** Information shown follows **

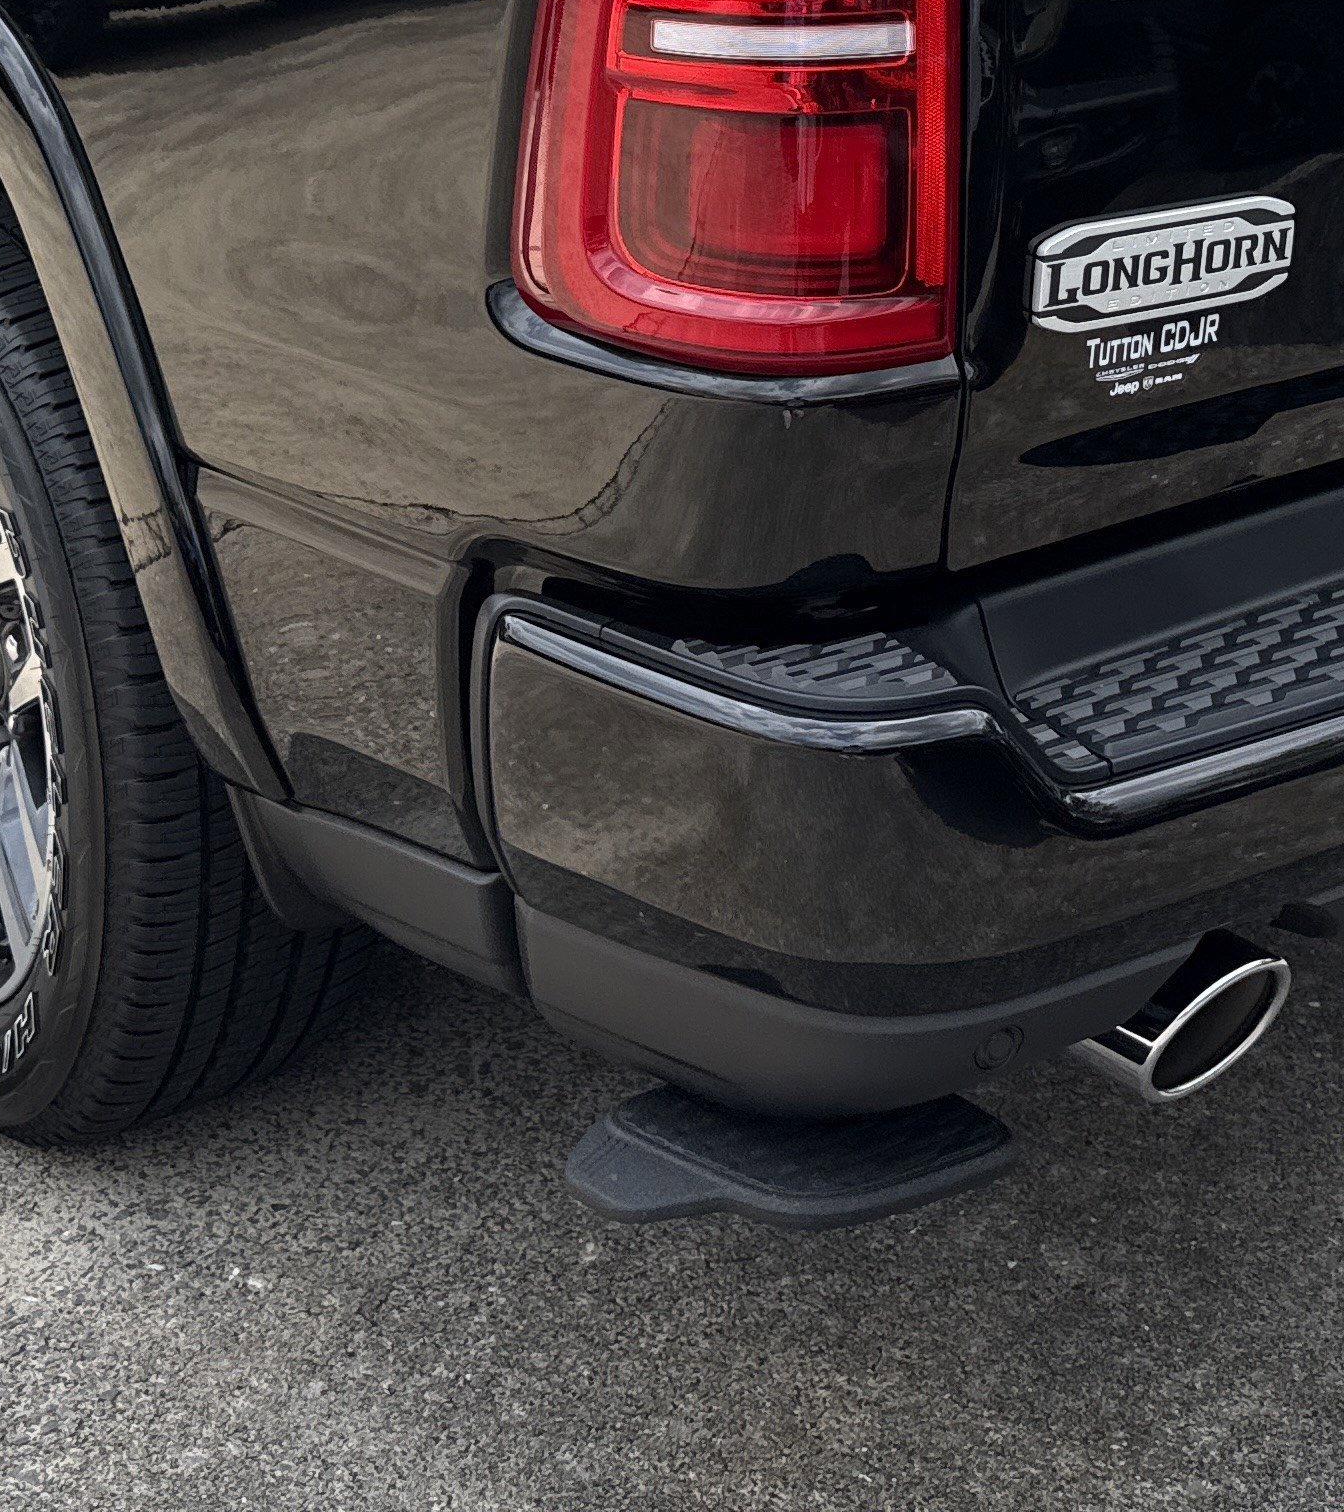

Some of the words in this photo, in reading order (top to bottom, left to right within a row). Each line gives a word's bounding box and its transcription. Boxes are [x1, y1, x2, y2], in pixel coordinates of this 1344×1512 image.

[1111, 220, 1236, 252] LIMITED
[1042, 227, 1293, 309] LONGHORN
[1107, 280, 1231, 311] EDITION
[1086, 337, 1155, 369] TUTTON
[1159, 313, 1220, 354] CDJR
[1095, 362, 1146, 379] CHRYSLER
[1109, 380, 1141, 397] Jeep
[1154, 372, 1184, 385] RAM
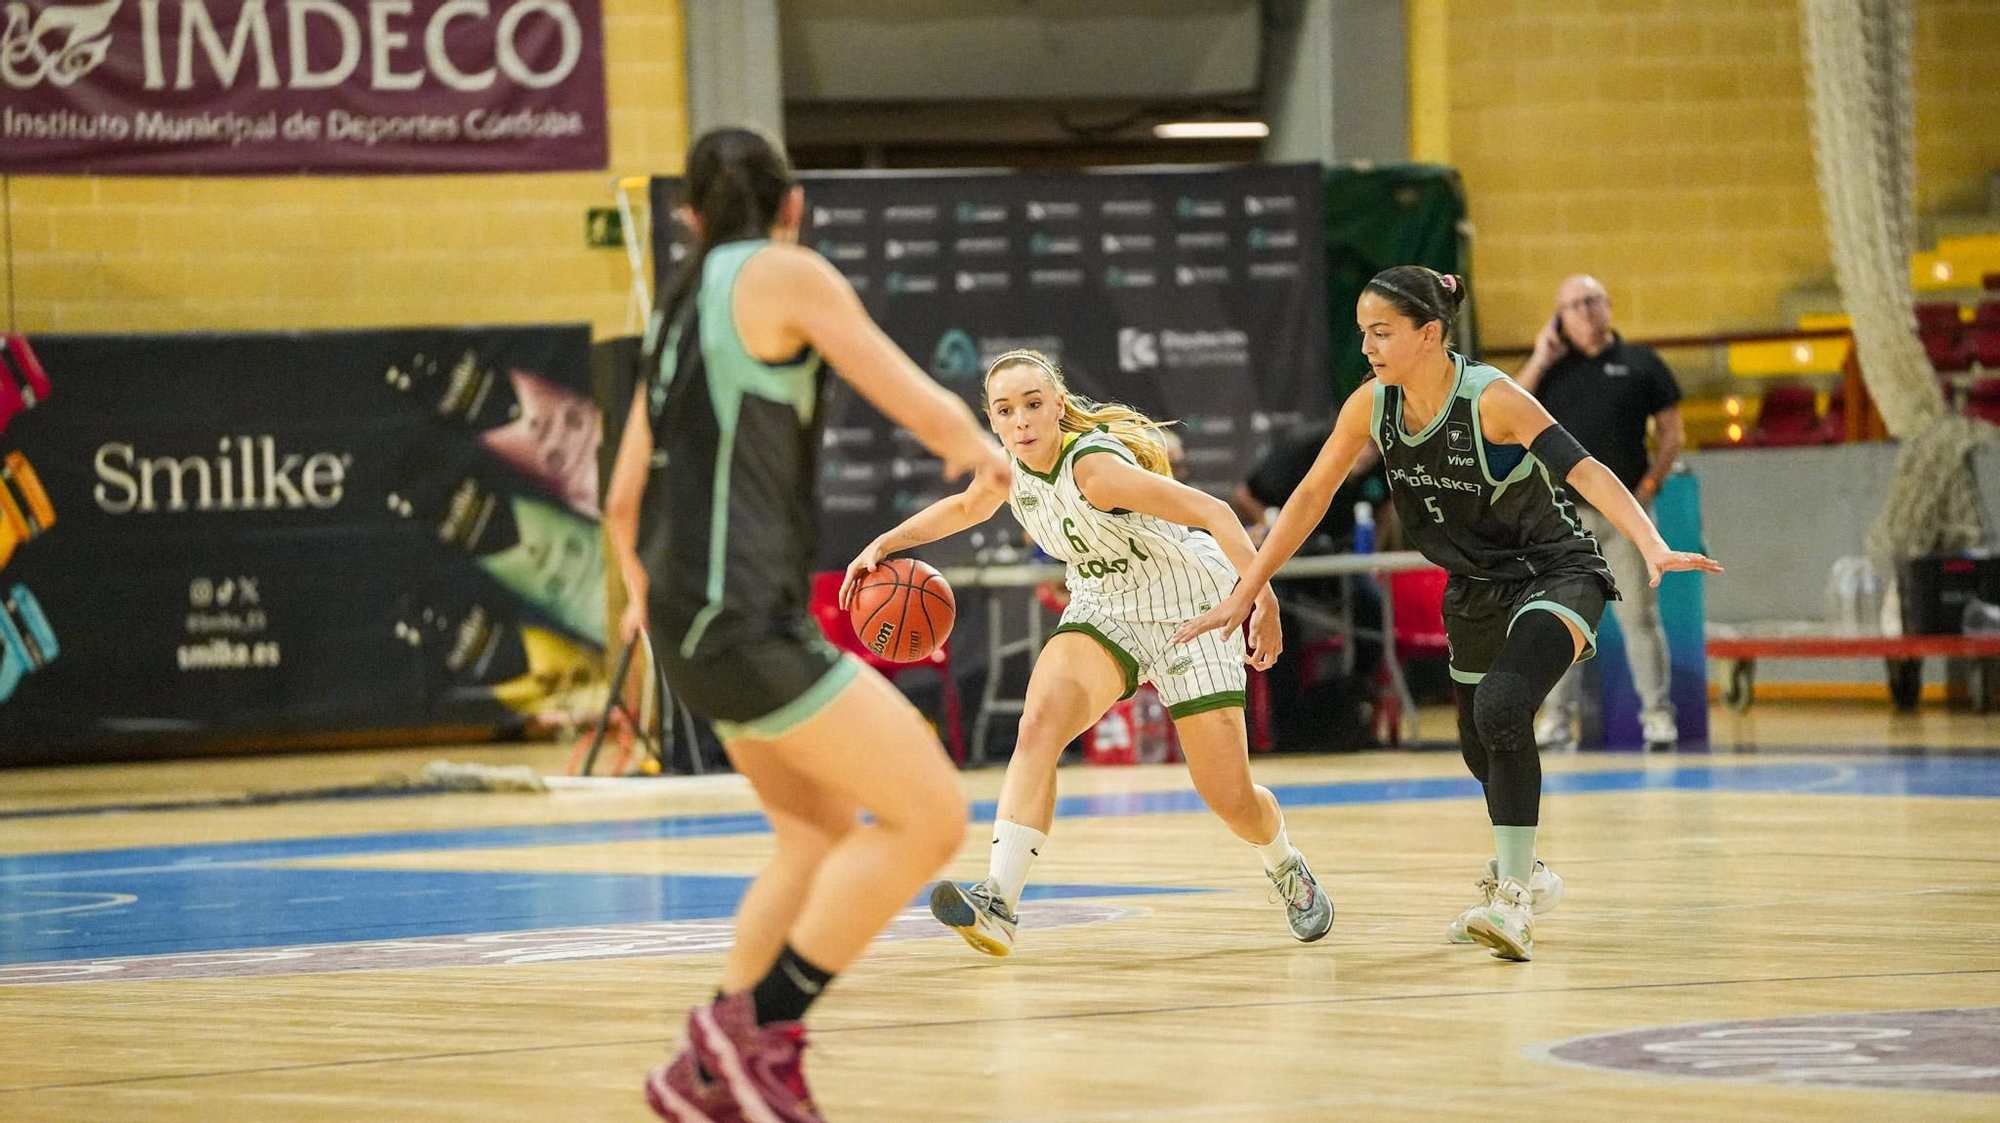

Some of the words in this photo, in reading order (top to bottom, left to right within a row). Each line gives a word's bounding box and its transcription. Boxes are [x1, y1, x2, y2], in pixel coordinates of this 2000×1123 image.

[140, 0, 583, 91] IMDECO
[3, 106, 129, 139] Instituto
[134, 109, 278, 147] Municipal
[282, 109, 321, 141] de
[327, 109, 460, 145] Deportes
[93, 434, 346, 514] Smilke
[1447, 454, 1475, 466] vive
[1424, 496, 1445, 523] 5
[1062, 517, 1089, 554] 6
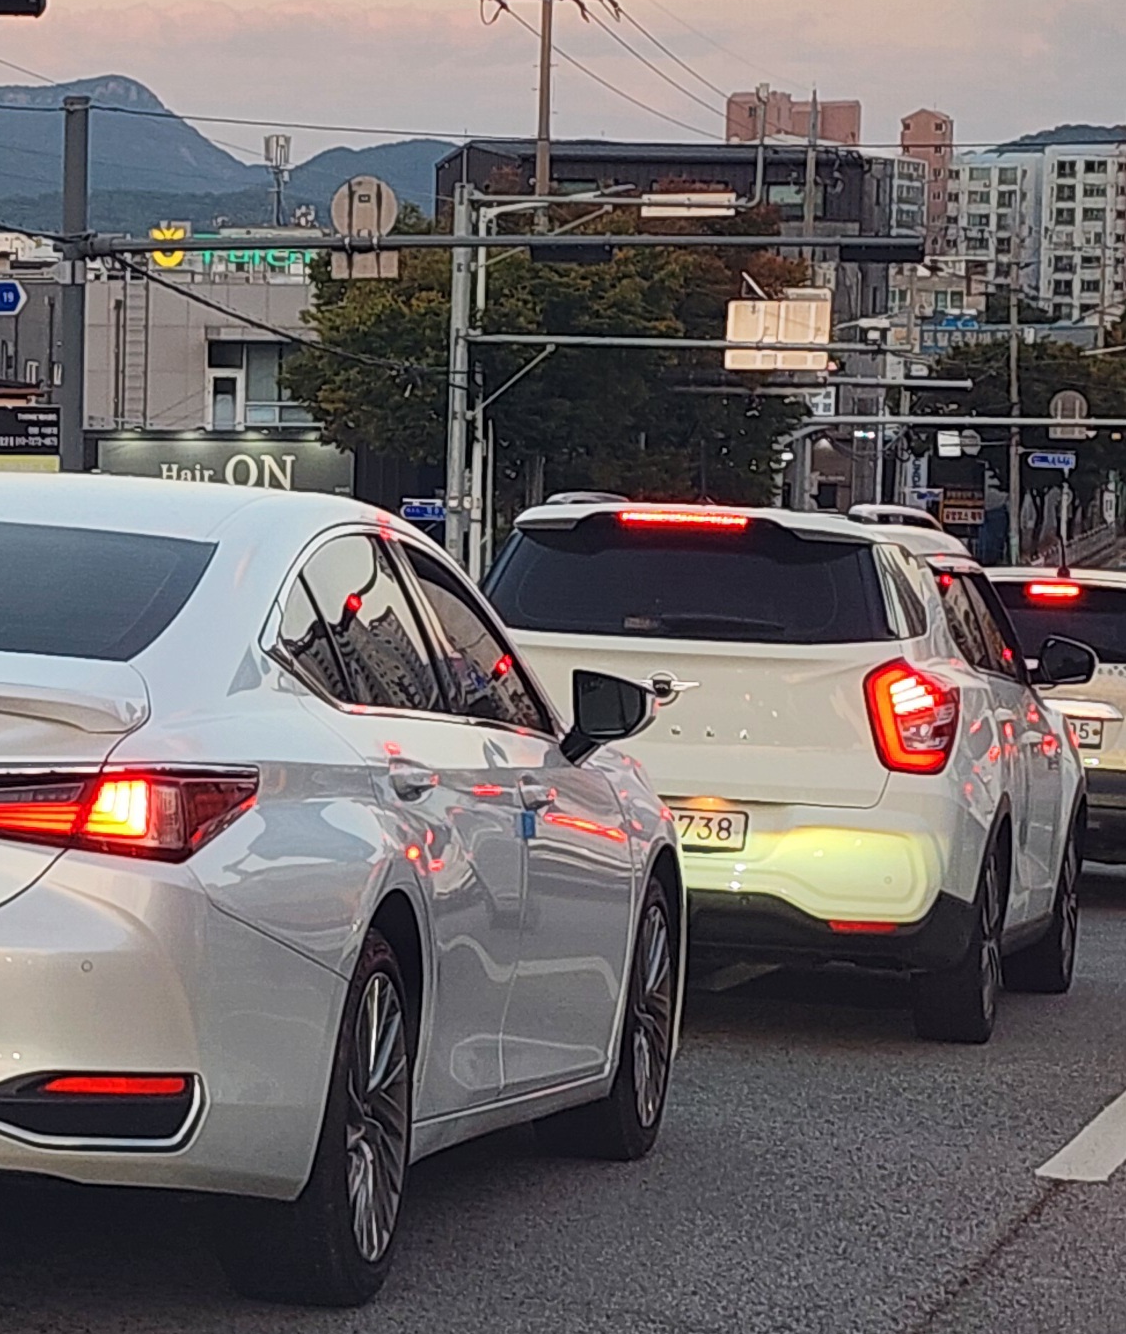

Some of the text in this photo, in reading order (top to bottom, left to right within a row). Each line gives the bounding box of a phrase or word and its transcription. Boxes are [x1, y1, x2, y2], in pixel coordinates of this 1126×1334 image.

[160, 453, 296, 491] Hair ON
[672, 814, 732, 841] 738
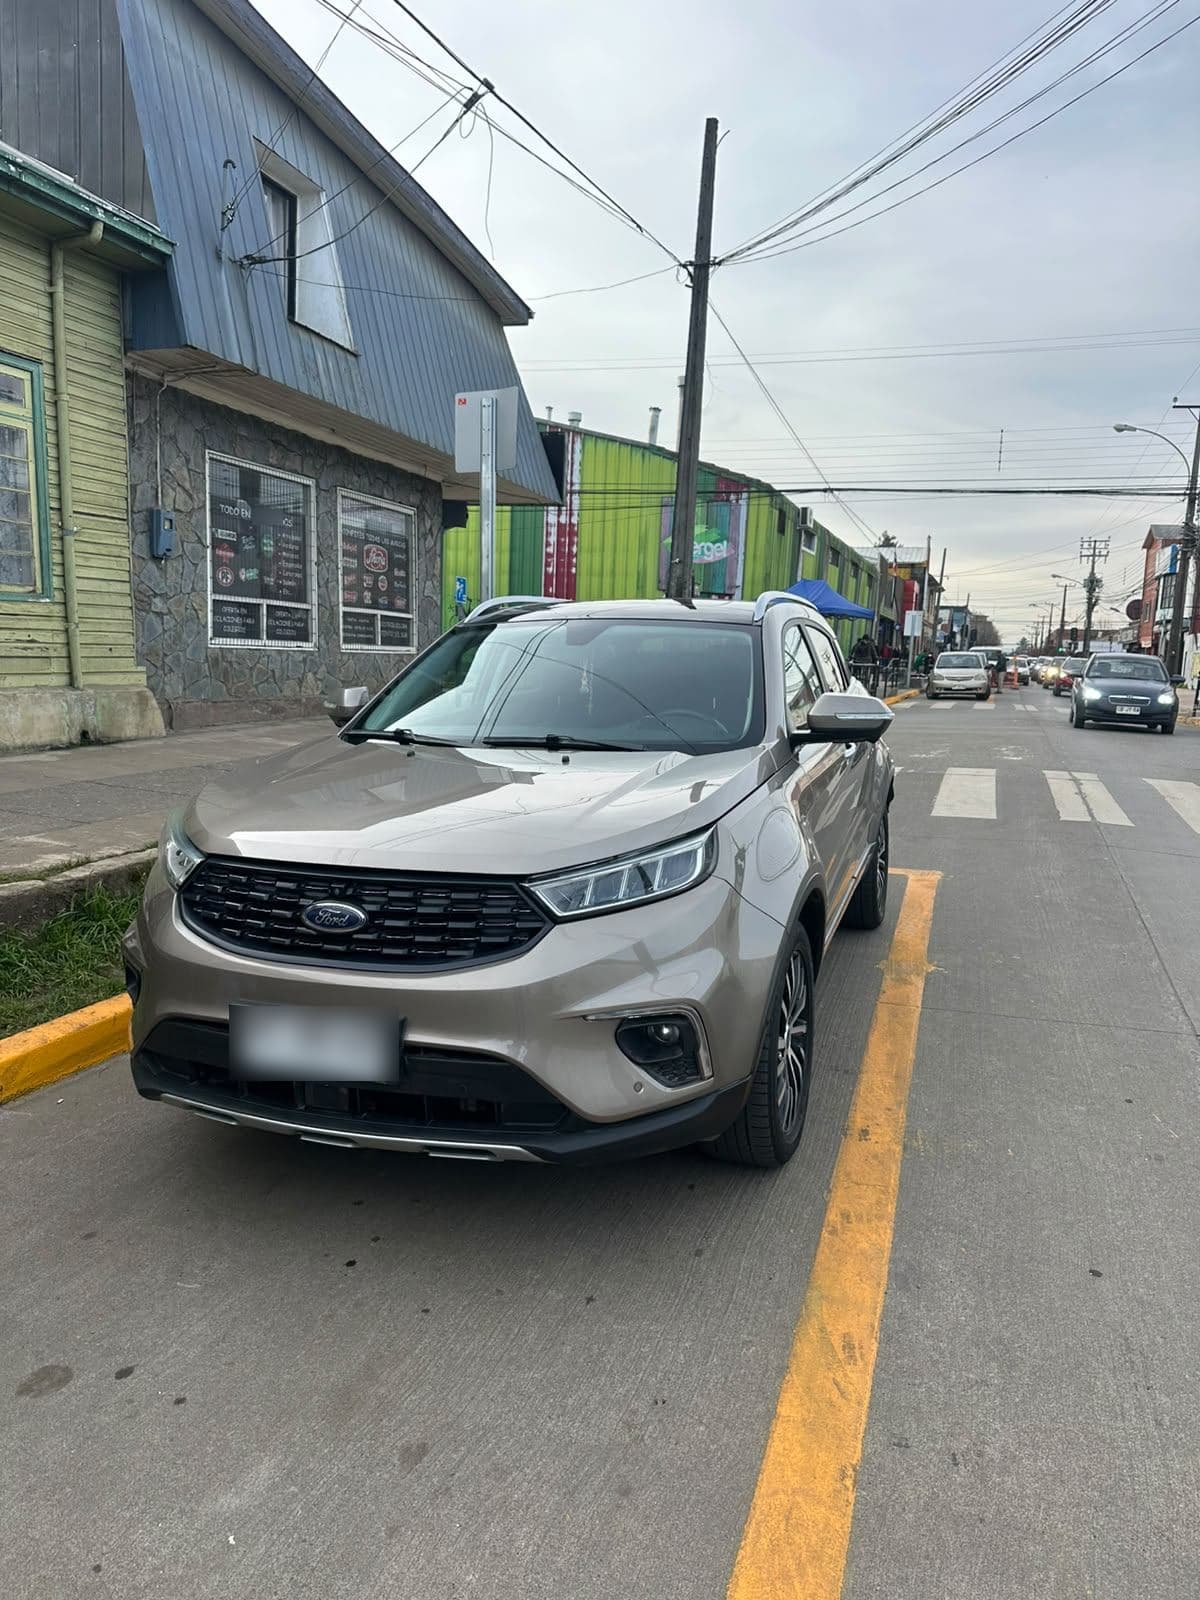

** End of Information shown **

Problem description: Please copy exactly the lines from the one containing "Some of the text" through the last line of the records, both ends included, and leave out any pictures.

Task result:
Some of the text in this photo, in reading order (top to bottom, left to right within a row). Each line gives the bounding box of a phrase or word and its transcription. Boxes are [x1, y1, x2, y2], in pixel coordinates of this 1126×1334 image.

[160, 453, 296, 491] Hair ON
[672, 814, 732, 841] 738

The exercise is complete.